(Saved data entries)
————————

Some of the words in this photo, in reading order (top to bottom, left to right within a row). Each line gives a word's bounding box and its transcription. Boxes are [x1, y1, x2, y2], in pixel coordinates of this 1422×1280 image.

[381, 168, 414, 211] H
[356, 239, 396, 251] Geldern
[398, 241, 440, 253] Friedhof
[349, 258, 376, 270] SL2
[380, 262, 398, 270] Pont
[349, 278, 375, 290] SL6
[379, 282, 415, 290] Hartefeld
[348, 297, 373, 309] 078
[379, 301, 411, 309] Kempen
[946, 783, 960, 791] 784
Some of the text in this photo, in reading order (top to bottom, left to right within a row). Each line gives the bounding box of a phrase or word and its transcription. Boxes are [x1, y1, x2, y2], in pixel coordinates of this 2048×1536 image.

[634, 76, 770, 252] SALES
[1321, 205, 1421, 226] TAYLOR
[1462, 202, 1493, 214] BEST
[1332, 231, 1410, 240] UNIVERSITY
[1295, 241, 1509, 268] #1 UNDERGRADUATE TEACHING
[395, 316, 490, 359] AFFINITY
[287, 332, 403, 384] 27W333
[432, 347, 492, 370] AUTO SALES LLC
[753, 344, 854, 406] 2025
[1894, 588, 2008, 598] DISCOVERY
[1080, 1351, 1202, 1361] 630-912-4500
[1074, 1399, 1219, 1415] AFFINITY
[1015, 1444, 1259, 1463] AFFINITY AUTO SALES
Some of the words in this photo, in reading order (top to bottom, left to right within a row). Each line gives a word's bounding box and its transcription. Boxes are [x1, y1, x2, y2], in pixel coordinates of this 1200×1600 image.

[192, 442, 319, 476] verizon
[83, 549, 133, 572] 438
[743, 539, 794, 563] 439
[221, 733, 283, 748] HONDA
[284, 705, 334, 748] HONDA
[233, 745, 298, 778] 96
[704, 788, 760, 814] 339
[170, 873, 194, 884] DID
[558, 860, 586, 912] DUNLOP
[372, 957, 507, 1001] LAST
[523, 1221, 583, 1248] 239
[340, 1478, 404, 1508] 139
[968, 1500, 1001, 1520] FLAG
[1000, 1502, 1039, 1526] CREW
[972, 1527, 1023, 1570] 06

————————

_WORK REQUEST_: Copy exactly, and only, the lines from the line that contains "this 1200×1600 image." through the end of the data above.

_SOLUTION_:
Some of the words in this photo, in reading order (top to bottom, left to right within a row). Each line gives a word's bounding box and its transcription. Boxes are [x1, y1, x2, y2], in pixel coordinates of this 1200×1600 image.

[192, 442, 319, 476] verizon
[83, 549, 133, 572] 438
[743, 539, 794, 563] 439
[221, 733, 283, 748] HONDA
[284, 705, 334, 748] HONDA
[233, 745, 298, 778] 96
[704, 788, 760, 814] 339
[170, 873, 194, 884] DID
[558, 860, 586, 912] DUNLOP
[372, 957, 507, 1001] LAST
[523, 1221, 583, 1248] 239
[340, 1478, 404, 1508] 139
[968, 1500, 1001, 1520] FLAG
[1000, 1502, 1039, 1526] CREW
[972, 1527, 1023, 1570] 06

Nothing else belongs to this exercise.